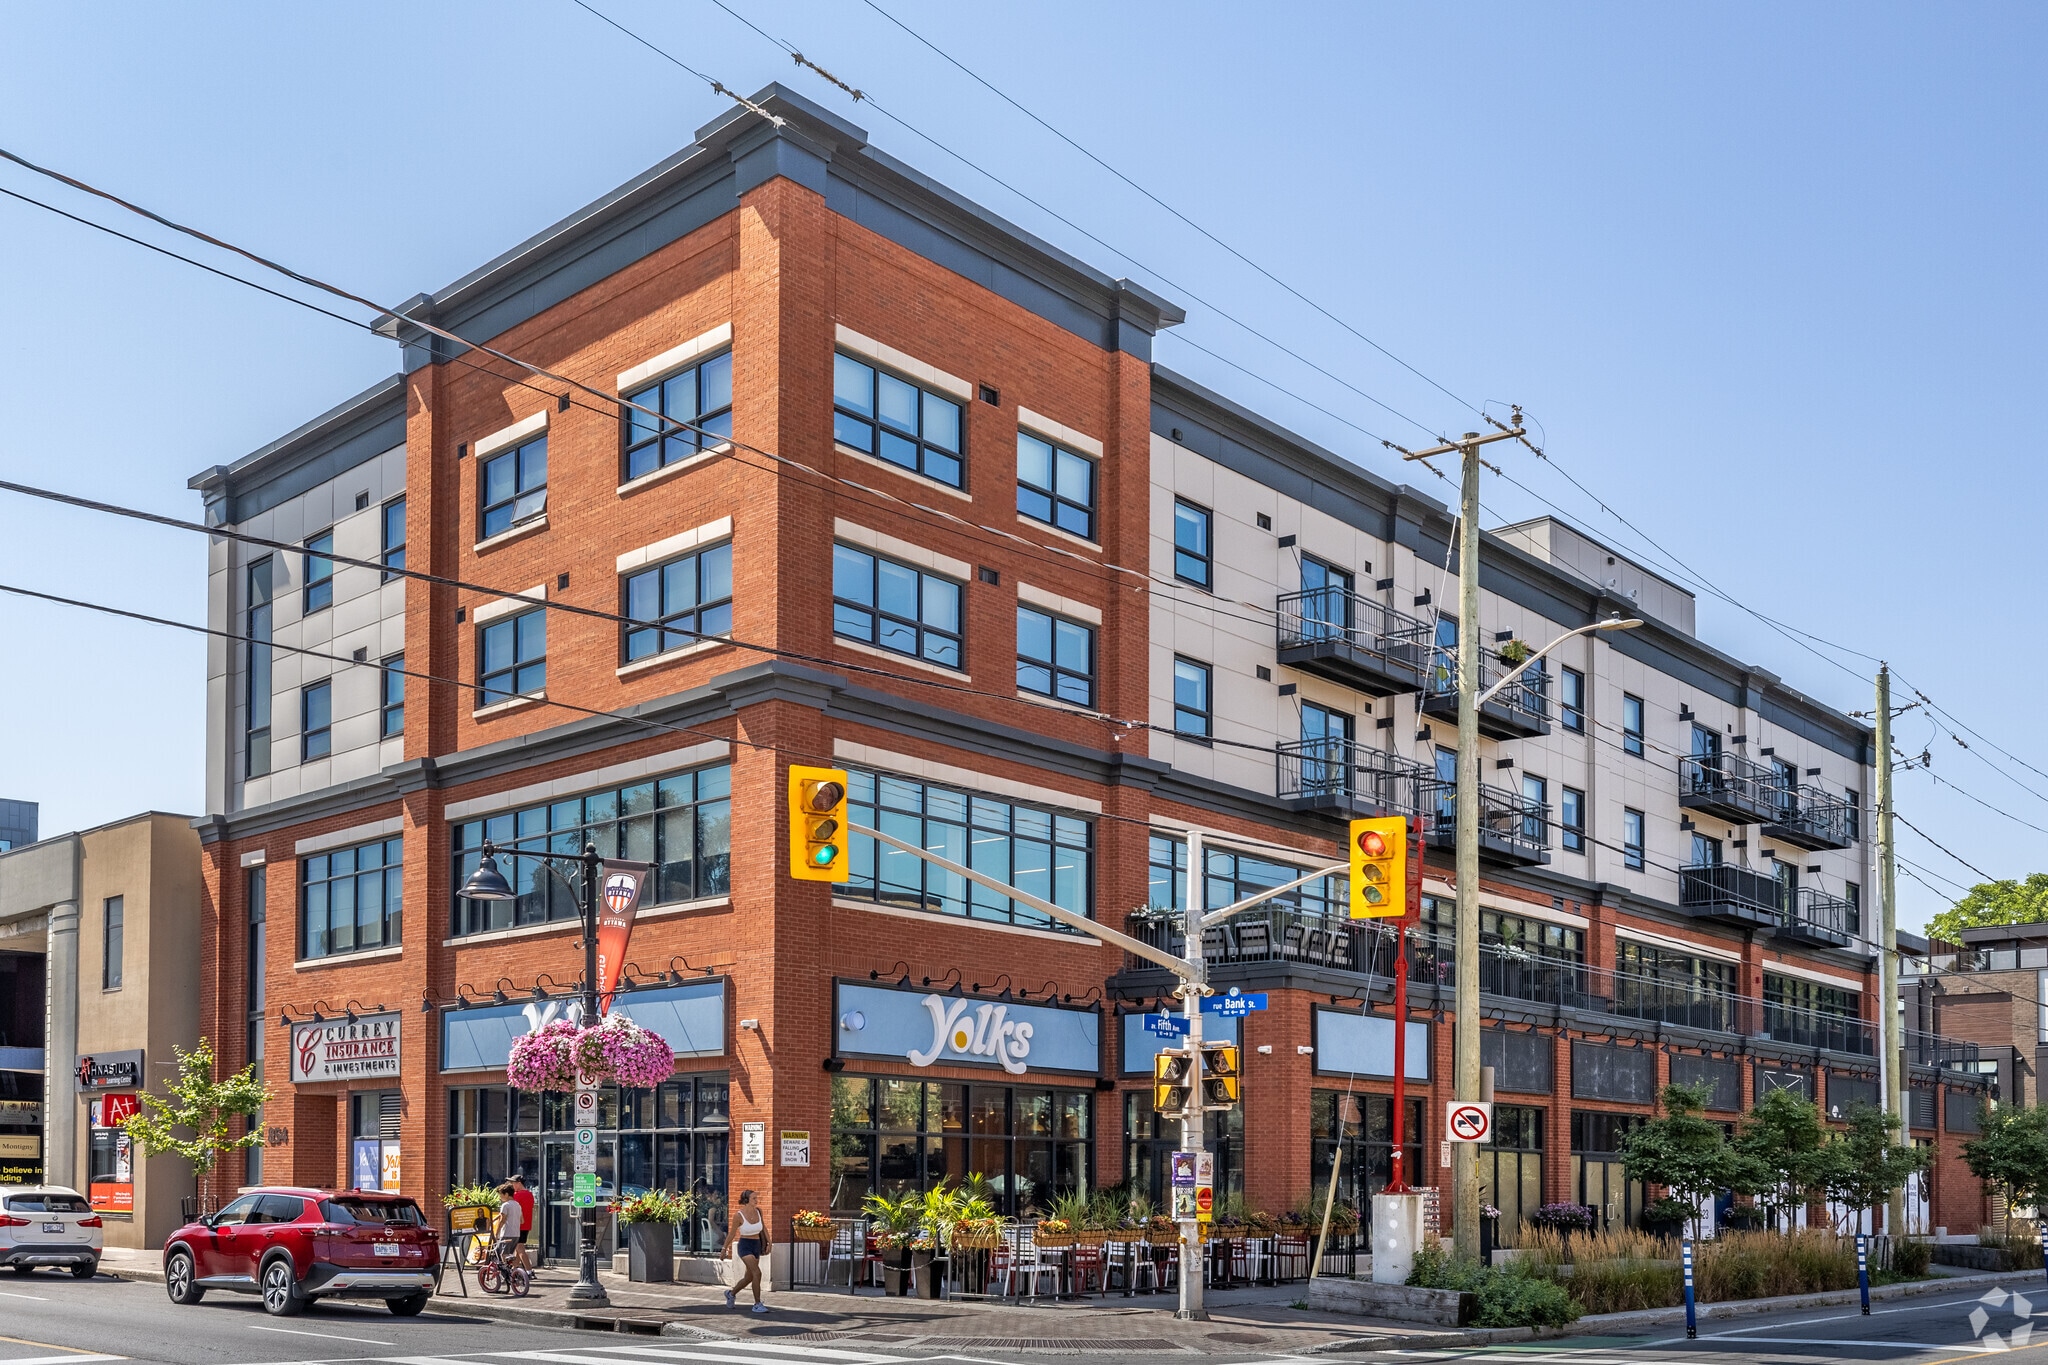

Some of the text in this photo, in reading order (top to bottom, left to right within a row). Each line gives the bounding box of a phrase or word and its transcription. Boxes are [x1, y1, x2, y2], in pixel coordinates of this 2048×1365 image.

[1225, 998, 1246, 1009] Bank
[1157, 1019, 1172, 1031] Fifth
[326, 1021, 394, 1041] CURREY
[906, 993, 1034, 1075] Yolks
[326, 1040, 394, 1058] INSURANCE
[324, 1060, 396, 1074] & INVESTMENTS
[20, 1102, 40, 1112] MAGA
[109, 1097, 134, 1125] A+
[2, 1142, 34, 1151] Montigny
[3, 1166, 43, 1174] believe in
[391, 1171, 398, 1180] IS
[0, 1174, 22, 1183] lding
[383, 1180, 400, 1190] HIRIN

══════════

Goal of the exercise:
The entire listing above, word for word and without pictures, is what should be output.

Result of the exercise:
Some of the text in this photo, in reading order (top to bottom, left to right within a row). Each line gives the bounding box of a phrase or word and its transcription. Boxes are [x1, y1, x2, y2], in pixel coordinates of this 2048×1365 image.

[1225, 998, 1246, 1009] Bank
[1157, 1019, 1172, 1031] Fifth
[326, 1021, 394, 1041] CURREY
[906, 993, 1034, 1075] Yolks
[326, 1040, 394, 1058] INSURANCE
[324, 1060, 396, 1074] & INVESTMENTS
[20, 1102, 40, 1112] MAGA
[109, 1097, 134, 1125] A+
[2, 1142, 34, 1151] Montigny
[3, 1166, 43, 1174] believe in
[391, 1171, 398, 1180] IS
[0, 1174, 22, 1183] lding
[383, 1180, 400, 1190] HIRIN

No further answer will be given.